Но подкравшийся к ней шут д'Акоста подтолкнул ложку снизу, и все ее содержимое брызнуло в лицо карлице.

Новый взрыв хохота царицыных потешников. Не смеелся один лишь Балакирев.

— Ты что это, Емельяныч, надулся, что мышь на крупу? — отнеслась к нему государыня.

— Раздумываю, матушка, о негожестве потех человеческих, — был ответ.

— Умен уж больно! вскинулся д'Акоста. — Смееться ему, вишь, на дураков не пристало. Словно и думать не умеют!

— Умный начинает думать там, где дурак кончает.

— Oibo! возмутился за д'Акосту Педрилло. — Скажи лучше, что завидно на нас с ним: не имеешь еще нашего ордена Бенедетто.

— Куда уж нам, русакам! Спасибо блаженной памяти царю Петру Алексеевичу, что начальником меня хоть над мухами поставил.

— Над мухами? — переспросила Анна иоанновна. — расскажи-ка, Емельяныч, как то-было.

— расскажу тебе, матушка, изволь. Случалось мне некоего вельможу (имени его не стану наименовать) не однажды от гнева царского спасать. Ну, другой меня, за то уважил бы, как подобает знатной персоне; а он, вишь, по скаредности, и рубля пожалел. Видит тут государь, что я приуныл, и вопрошает точно так-же, как вот ты, сейчас, матушка:

"— Отчего ты, Емельяныч, мол, не весел, головушку повесил?

"— Да как мне, - говорю, — веселым быть, Алексеич: не взирая на весь твой фавор, нет мне от людей уважение, а нет уважение оттого, что всех, кто тебе служит верой и правдой, ты жалуешь своей царской милостью: кого крестом, кого чином, кого местом, а меня вот за всю мою службу хоть бы раз чем наградил.

"— Чего-ж ты сам желаешь?" спрашивает государь.

"Взял я тут смелость, говорю:

"— Так и так, мол, батюшка: поставь ты меня начальником над мухами.

"рассмеелся государь:

"— Ишь, что надумал! В каком разуме сие понимать должно?

"— А в таком, говорю, — и понимать, что по указу твоему дается мне полная мочь бить мух где только сам вздумаю, и никто меня за то не смел-бы призвать к ответу.

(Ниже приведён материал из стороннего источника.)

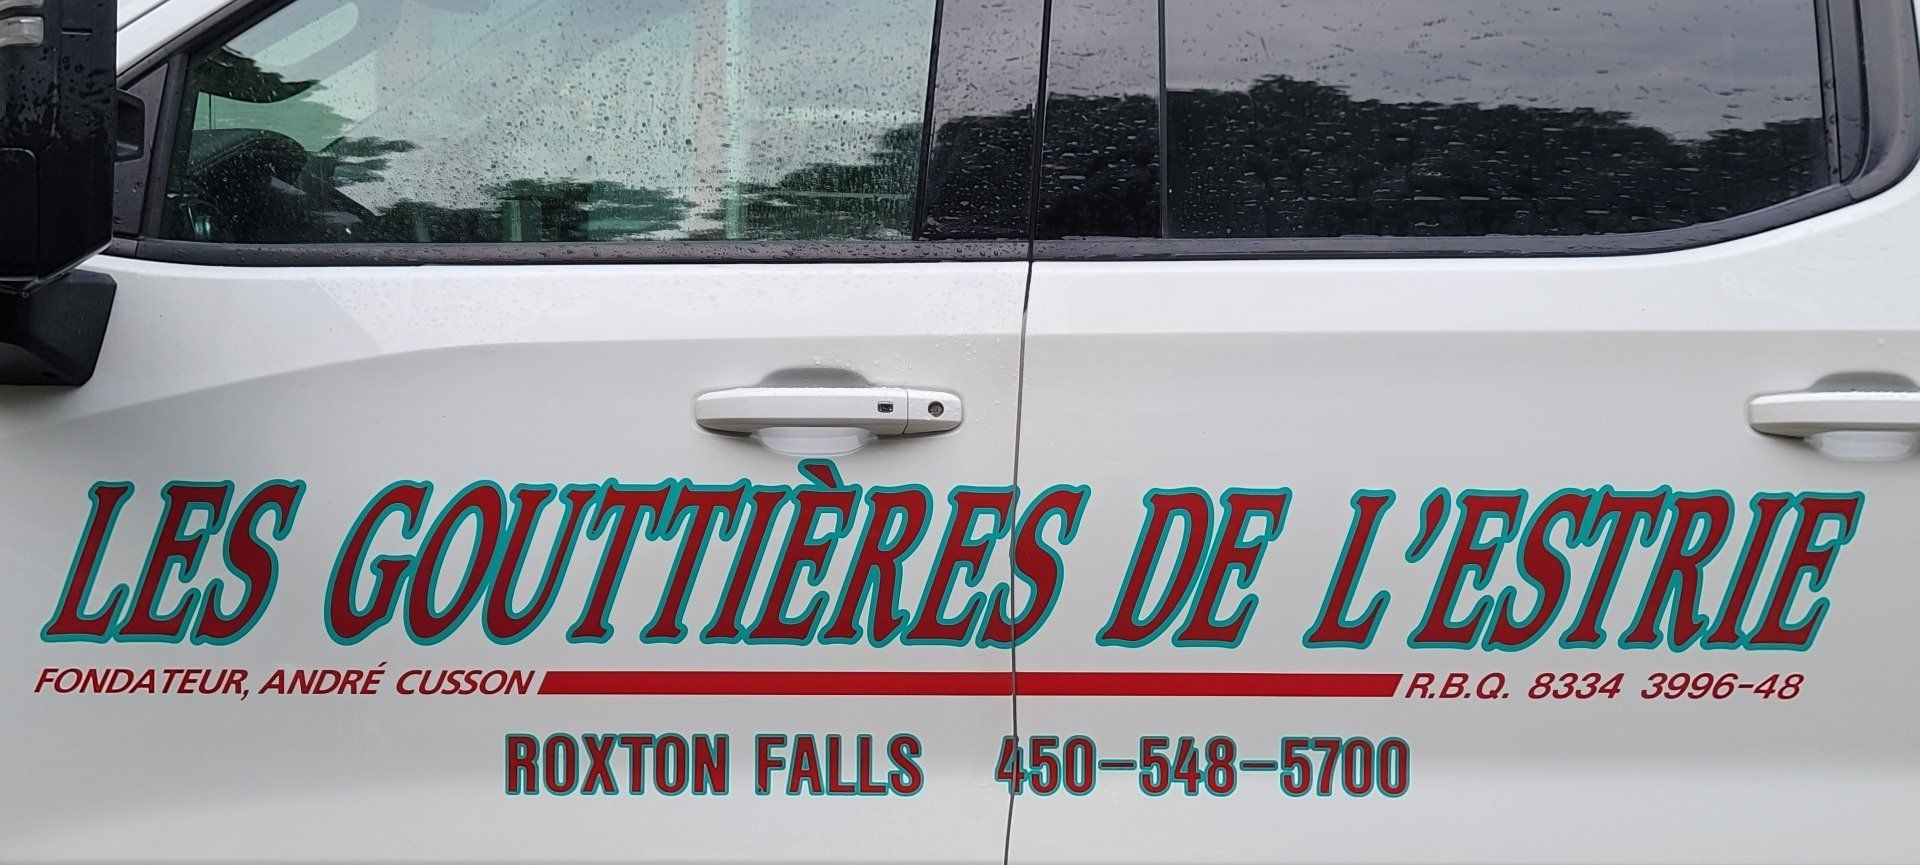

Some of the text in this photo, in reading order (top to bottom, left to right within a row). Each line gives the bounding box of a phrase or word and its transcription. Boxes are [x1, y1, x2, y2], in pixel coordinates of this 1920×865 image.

[40, 458, 1866, 653] LES GOUTTIÈRES DE L'ESTRIE
[34, 661, 535, 701] FONDATEUR, ANDRÉ CUSSON
[1404, 672, 1805, 700] R.B.Q. 8334 3996-48
[505, 732, 1411, 799] ROXTON FALLS 450-548-5700
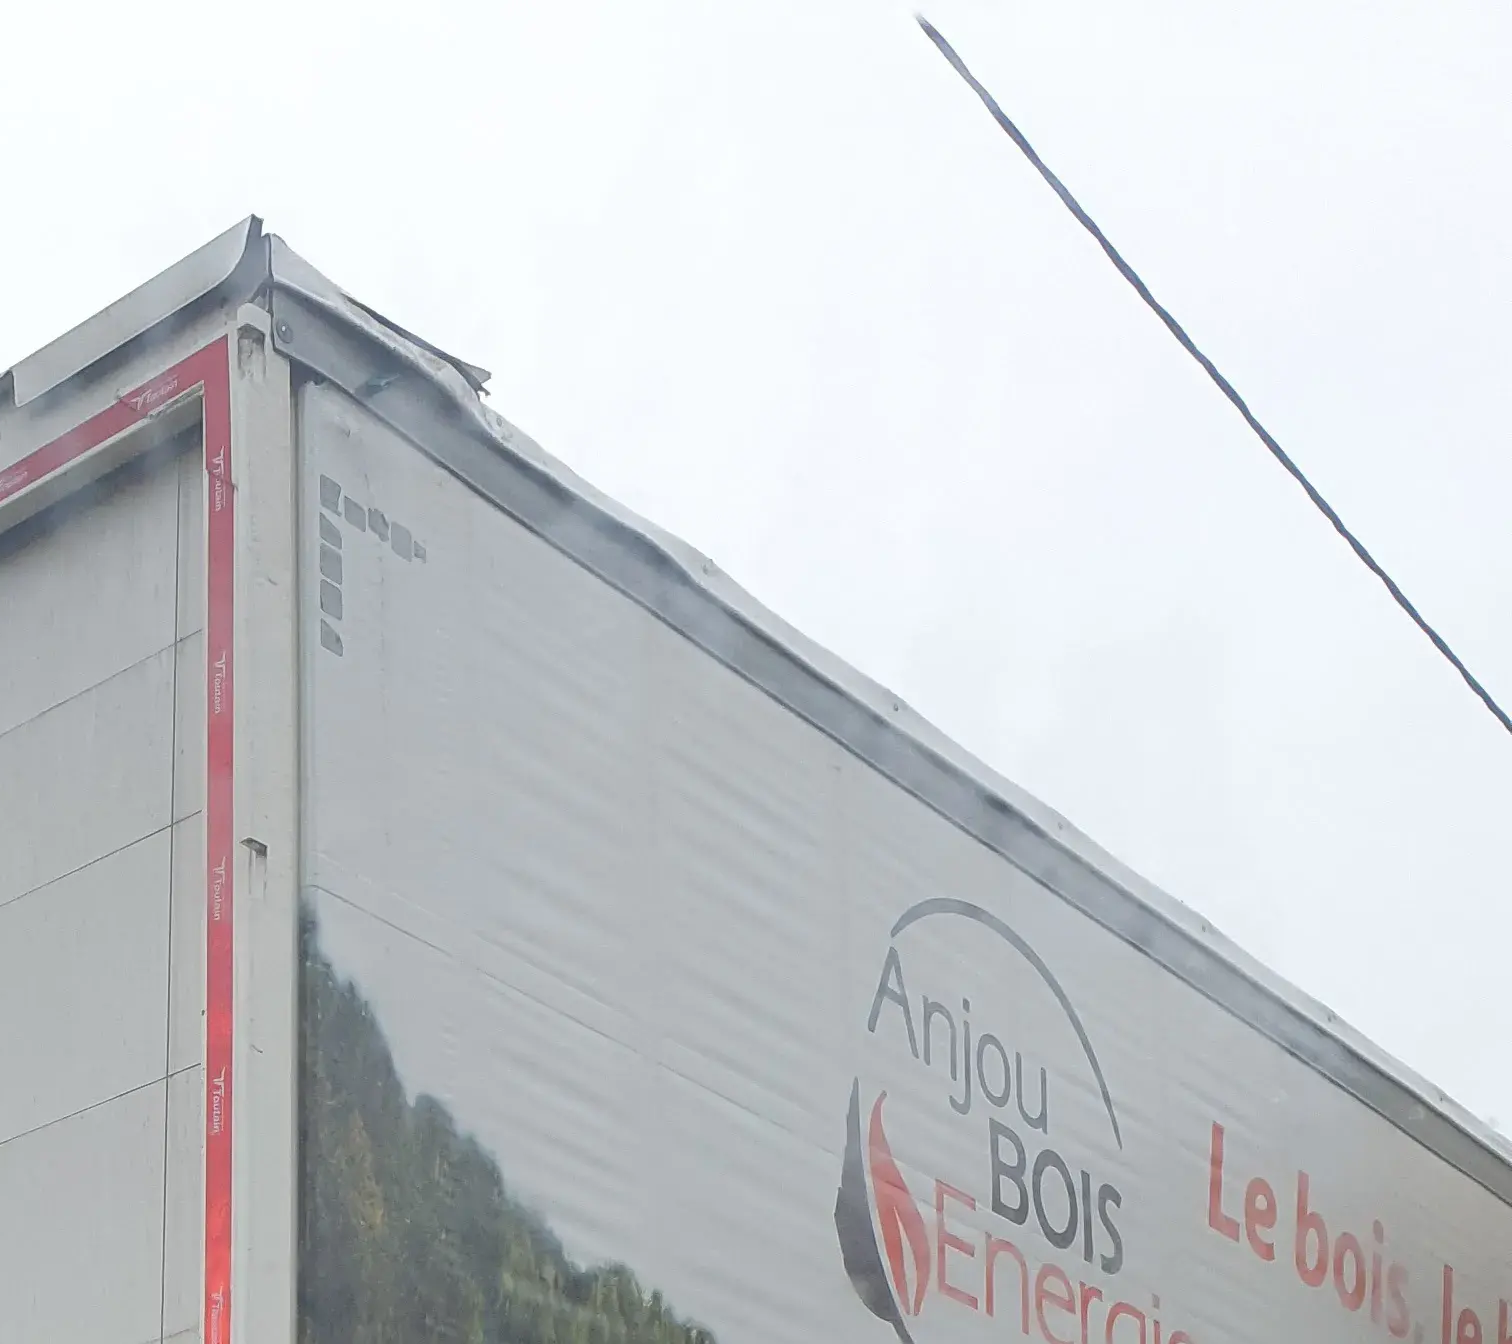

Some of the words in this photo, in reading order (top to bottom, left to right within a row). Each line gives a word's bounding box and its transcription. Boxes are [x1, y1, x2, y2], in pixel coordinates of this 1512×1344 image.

[868, 945, 1048, 1135] Anjou
[988, 1117, 1124, 1276] BOIS
[1208, 1120, 1278, 1262] Le

"— Будь по сему, говорит, — дам я тебе такой указ.

"И своеручно написал мне указ.

"Долго-ли, коротко-ли, задал тот самый вельможа его царскому величеству пир зазвонистый, по-нонешнему — банкет. Пошла гульба да бражничанье; употчивались гости — лучше не надо. Я же, оставшись в прежнем градусе, хвать из кармана добрую плетку и давай бить на столе покалы, стаканы да рюмки, а посуда-то вся дорогая, хрусталя богемского. Ну, хозяин, знамо, ошалел, осатанел, с немалым криком велел своим холопьям взять меня, раба божья, и вытолкать вон. Приступили они ко мне — рать целая, дванадесять тысяч. А я учливым образом кажу им пергаментный лист за собственным царским подписом:

"— Вот, мол, царев указ, коим я над мухами начальником поставлен; а исполнять царскую службу я за долг святой полагаю.

"Отступились те от меня, гости кругом хохочут-заливаются, а я с плеткой моей добираюсь уже до самого хозяина. Пришел он тут в конфузию, затянул Лазаря:

"— Ах, Иван Емельяныч! такой ты, мол, да сякой, есть за мной тебе еще малый должок…

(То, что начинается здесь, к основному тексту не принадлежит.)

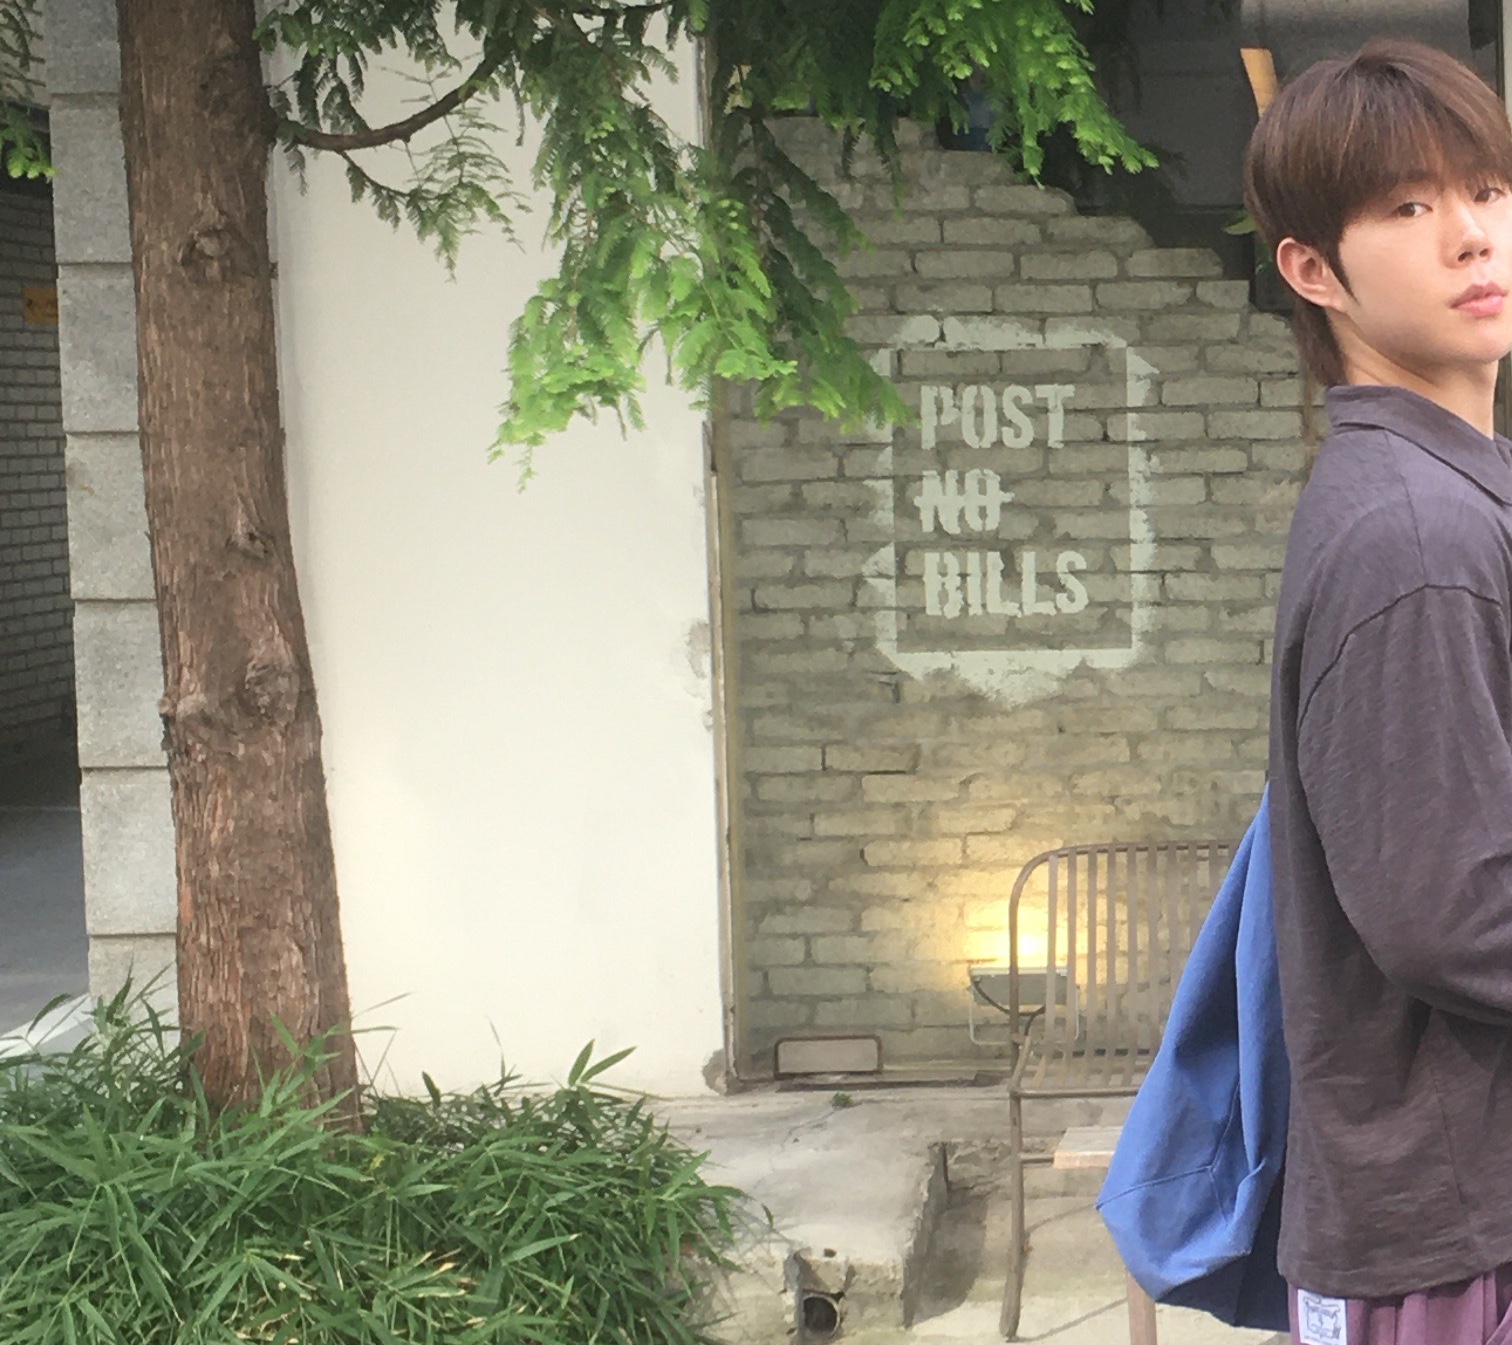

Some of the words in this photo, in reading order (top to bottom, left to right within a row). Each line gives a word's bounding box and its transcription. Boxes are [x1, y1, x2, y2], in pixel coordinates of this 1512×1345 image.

[921, 384, 1075, 450] POST
[916, 468, 1008, 534] NO
[923, 551, 1089, 618] BILLS

"— Денег твоих, батюшка, теперь мне уже не надо, — говорю: — дорого яичко к Христову дню".

— Умно и красно, похвалила Анна иоанновна рассказчика. — Мог-бы ты, Емельяныч, и мне тоже иной раз умным словом промолвиться.

— Молвил-бы я, матушка, словечко, да волк недалеко, отвечал Балакирев, косясь исподлобья на супругу временщика.

Сама герцогиня Бенигна, плохо понимавшая по-русски, видимо, не поняла намека. Царица же сдвинула брови и пробормотала:

— Экая жарища… Квасу!

— Эй, Квасник! не слышишь, что-ли? — крикнуло несколько голосов старичку в дурацком колпаке, сидевшему в отдаленном углу в корзине.

В ответ тот закудахтал по-куриному.

Был то отпрыск старинного княжеского рода, разжалованный в шуты (как уже раньше упомянуто) за ренегатство. Главная его обязанность состояла в том, чтобы подавать царице квас, за что ему и было присвоено прозвище «Квасник». В остальное время он должен был сидеть "наседкой" в своем "лукошке" и высиживать подложенный под него десяток куриных яиц.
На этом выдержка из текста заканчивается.